Phrase grounding data:
* * *

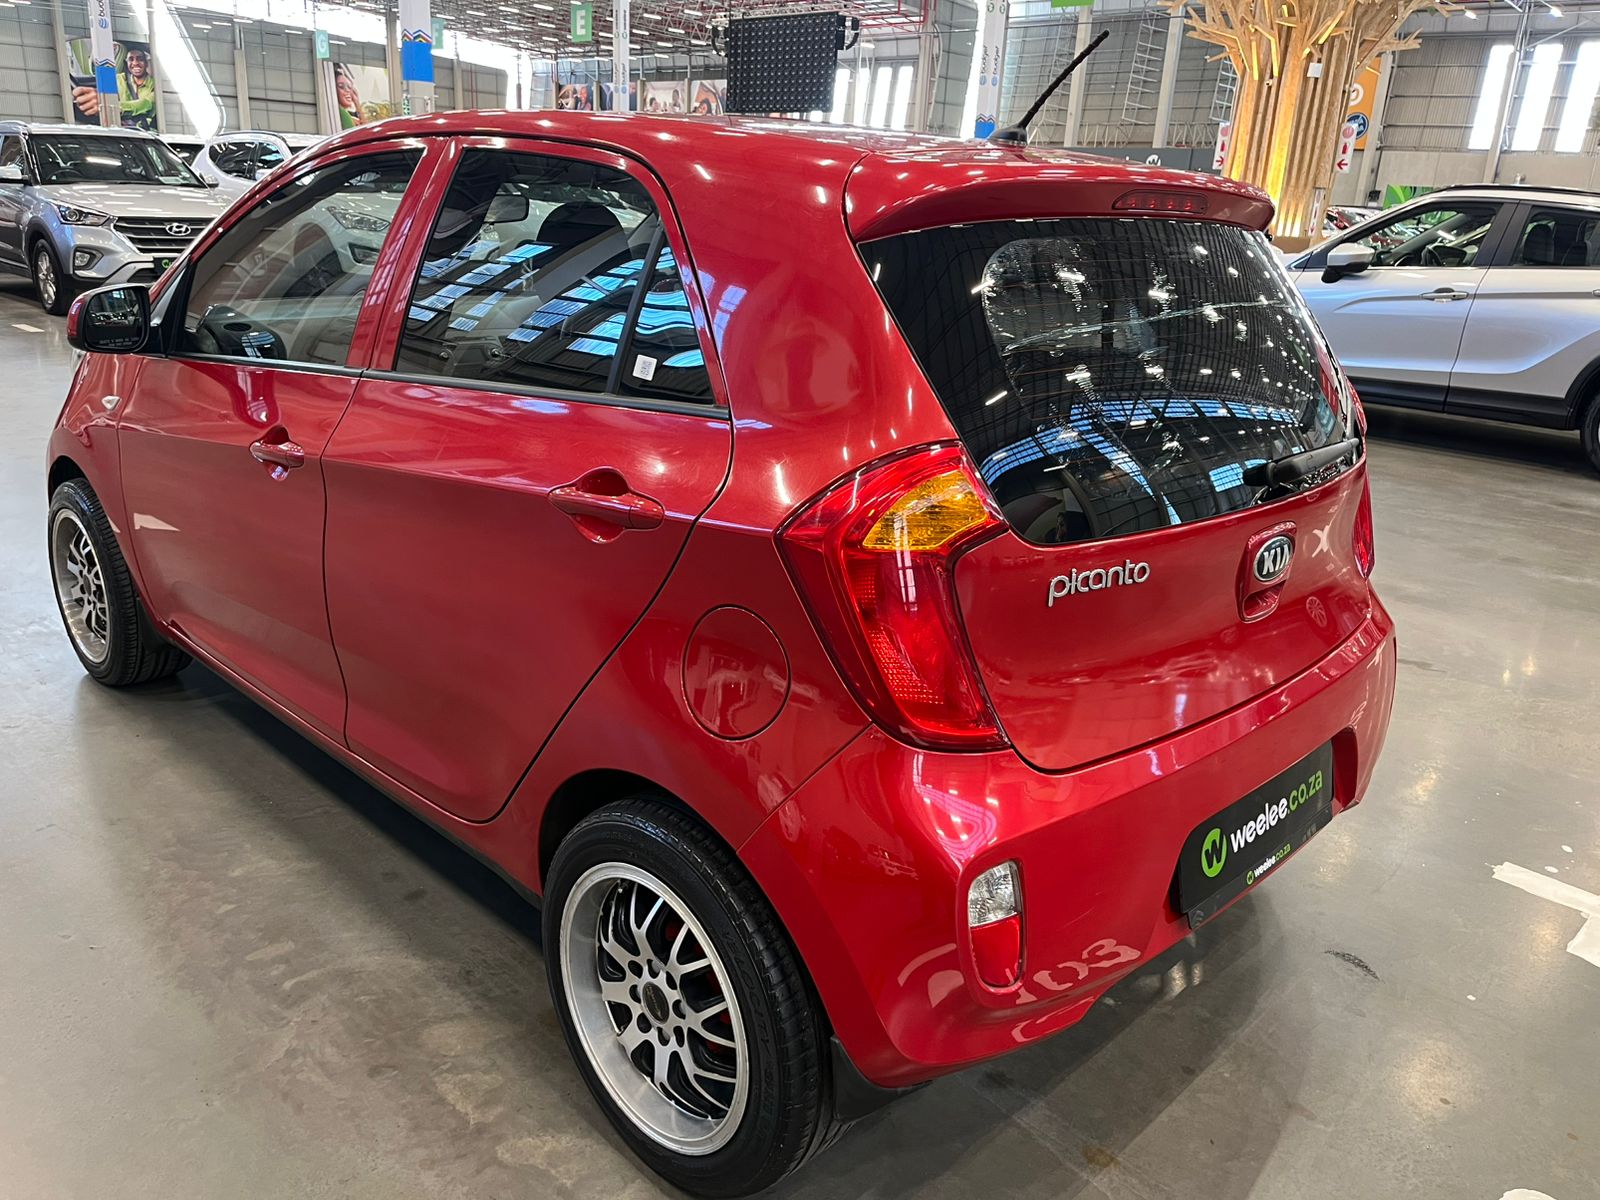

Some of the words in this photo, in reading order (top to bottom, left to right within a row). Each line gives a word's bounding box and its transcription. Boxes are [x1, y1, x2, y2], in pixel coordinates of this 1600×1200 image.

[576, 10, 586, 35] E
[317, 34, 326, 52] G
[1261, 544, 1291, 575] KIA
[1047, 559, 1151, 608] picanto
[1230, 769, 1323, 853] weelee.co.za

* * *

How to complete this task: Give every line of the data above again as it stands; the pictures stay out.

Result for this exercise:
Some of the words in this photo, in reading order (top to bottom, left to right within a row). Each line gives a word's bounding box and its transcription. Boxes are [x1, y1, x2, y2], in pixel coordinates of this 1600×1200 image.

[576, 10, 586, 35] E
[317, 34, 326, 52] G
[1261, 544, 1291, 575] KIA
[1047, 559, 1151, 608] picanto
[1230, 769, 1323, 853] weelee.co.za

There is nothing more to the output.